When the doorbell rang, I pulled on a pair of shorts and left the stick where it was.
Marsilia stood on the porch. She was wearing low-rise jeans and a low-cut black sweater.
"My letter was opened tonight," she told me.
I folded my arms over my chest and did not invite her in. "That's right, I gave it to Stefan."
She tapped a foot. "Did he read it?"
"You didn't actually kill his people," I told her in a bored voice. "You just hurt them and ripped his ties from them so he'd think they died."
"You disapprove?" She raised an eyebrow. "Any other Master would have killed them—it would have been easier. If he had been himself, he'd have known what we'd done." She smiled at me. "Oh, I see. You were worried about his sheep. Better hurt a little and alive—wouldn't you say?"
"Why are you here?" I asked her.
Her face went blank, and I thought she might not answer. "Because the letter was read, and Stefan did not come."
"You tortured him," I said hotly. "You almost forced him to do something he'd never willingly do—"
"I wish he'd killed you," she told me sincerely. "Except that would have hurt him.

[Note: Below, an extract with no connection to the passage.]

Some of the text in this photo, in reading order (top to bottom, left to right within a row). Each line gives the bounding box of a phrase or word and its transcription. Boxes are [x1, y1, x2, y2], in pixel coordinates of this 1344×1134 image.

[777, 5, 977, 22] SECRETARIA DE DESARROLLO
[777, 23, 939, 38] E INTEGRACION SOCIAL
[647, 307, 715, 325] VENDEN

I know Stefan. I know his control. You were never in any danger."
"He doesn't believe that," I told her. "Now you throw him a bone. 'Look, Stefan, we didn't really kill your people. We tortured you, hurt you, abandoned you—but it was all in a good cause. We meant Andre to die, and let you twist in guilt for months because it served our purpose. And you wonder why he didn't come back to you."

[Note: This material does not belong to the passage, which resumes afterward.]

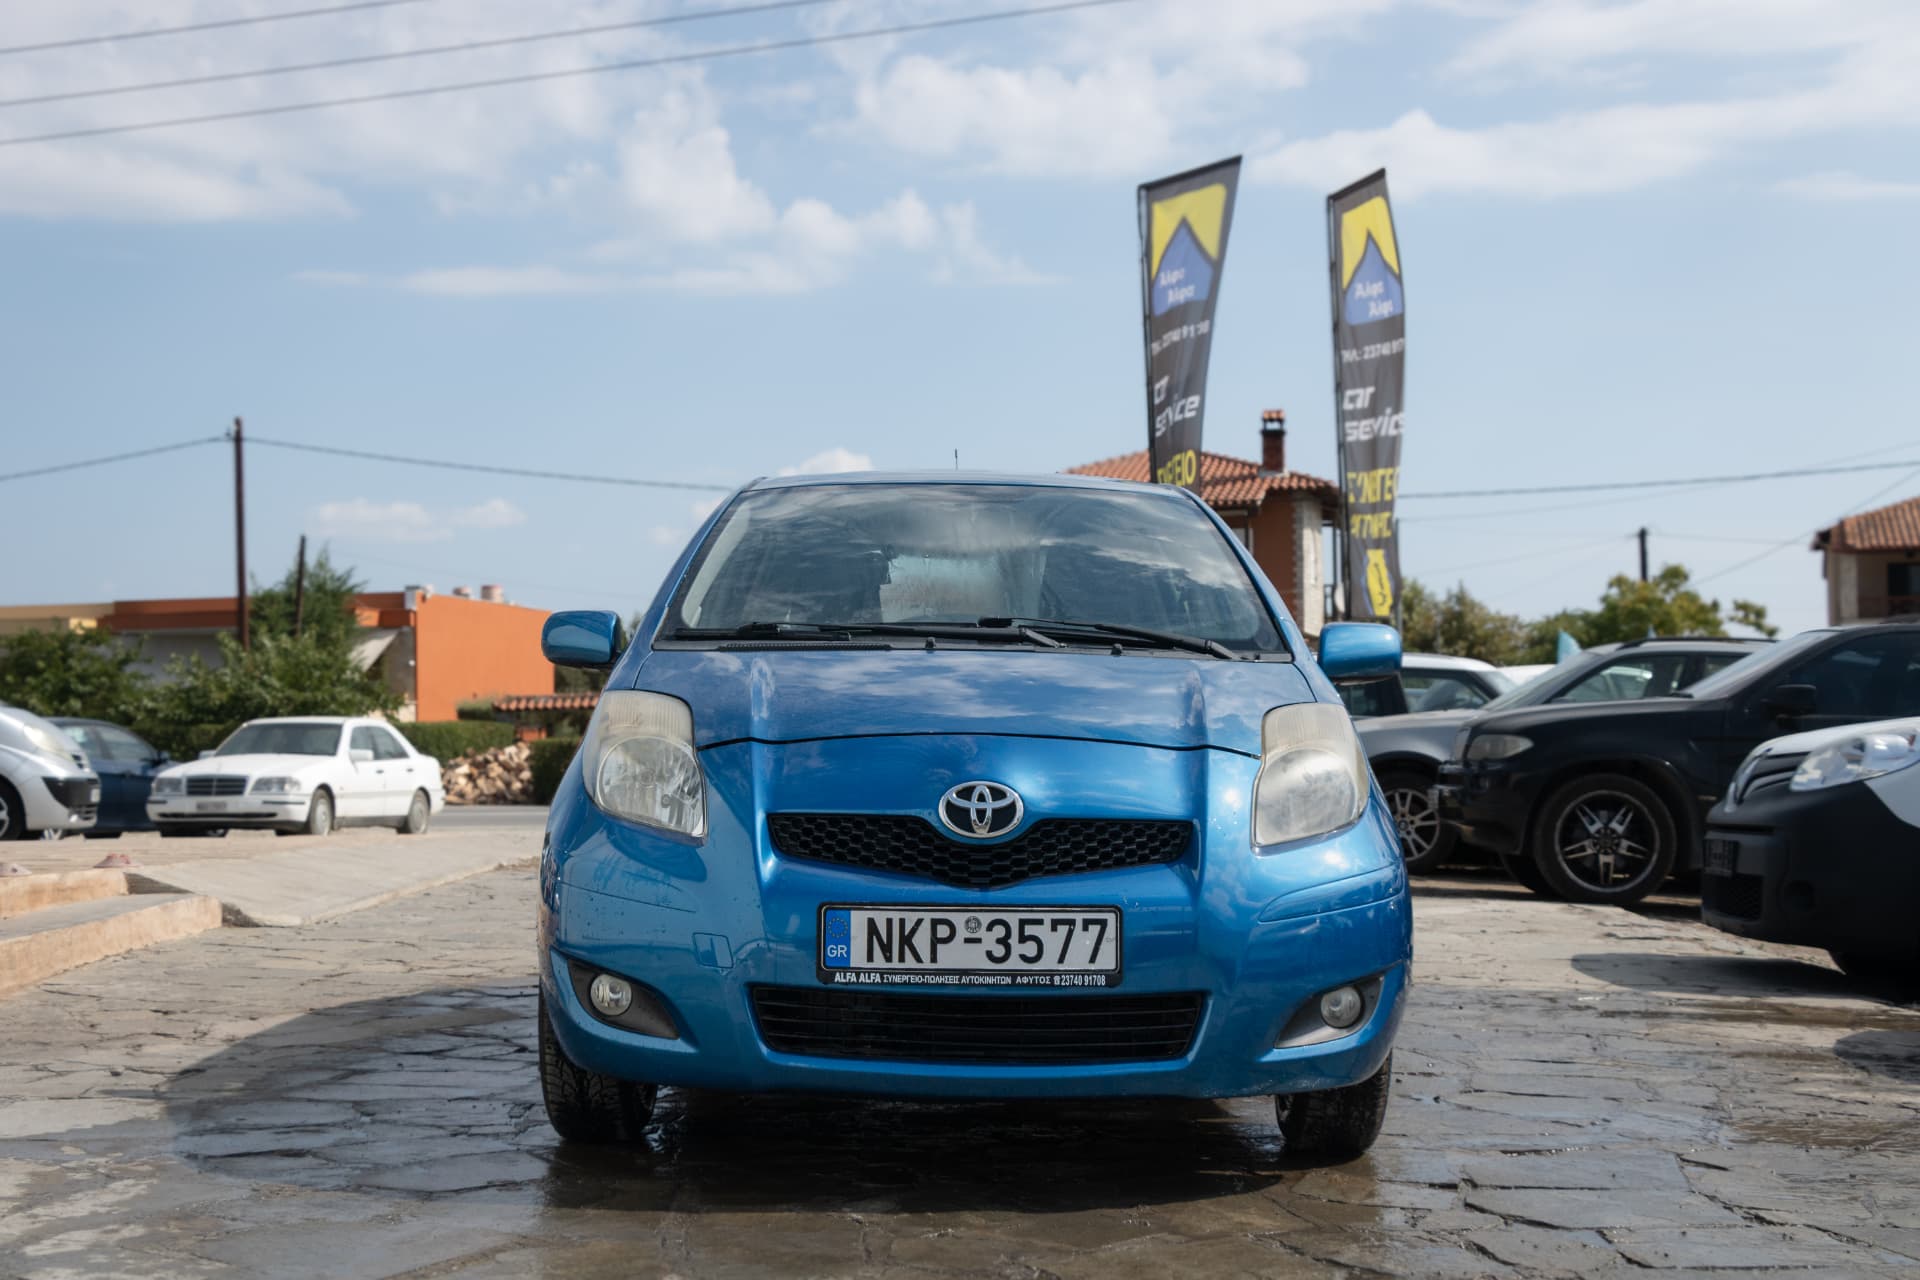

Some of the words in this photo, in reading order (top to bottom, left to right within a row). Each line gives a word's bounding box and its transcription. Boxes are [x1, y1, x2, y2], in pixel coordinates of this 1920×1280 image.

"He understands," she said.
"I do." Stefan's hands came down upon my shoulders, and he pulled me a few inches back from the threshold of the door. "I understand the why and the how."
She stared at him… and for a moment I could see how old, how tired she was. "For the good of the seethe," she told him.
He put his chin on the top of my head. "I know." He wrapped both arms around me just above my chest and pulled me against him. "I'll come back. But not right now." He sighed into my hair. "Tomorrow. I'll get my people from you then." And he was gone.
Marsilia looked at me. "He's a soldier," she told me. "He knows about sacrificing himself for the good of the whole. That's what soldiers do. It's not the torture he can't forgive me for. Nor deceiving him about his people. It's because I put you in harm's way he is so angry." Then she said, very calmly, "If I could kill you, I would."
And she disappeared, just like Stefan had.
"Right back atcha," I told the space where she had been.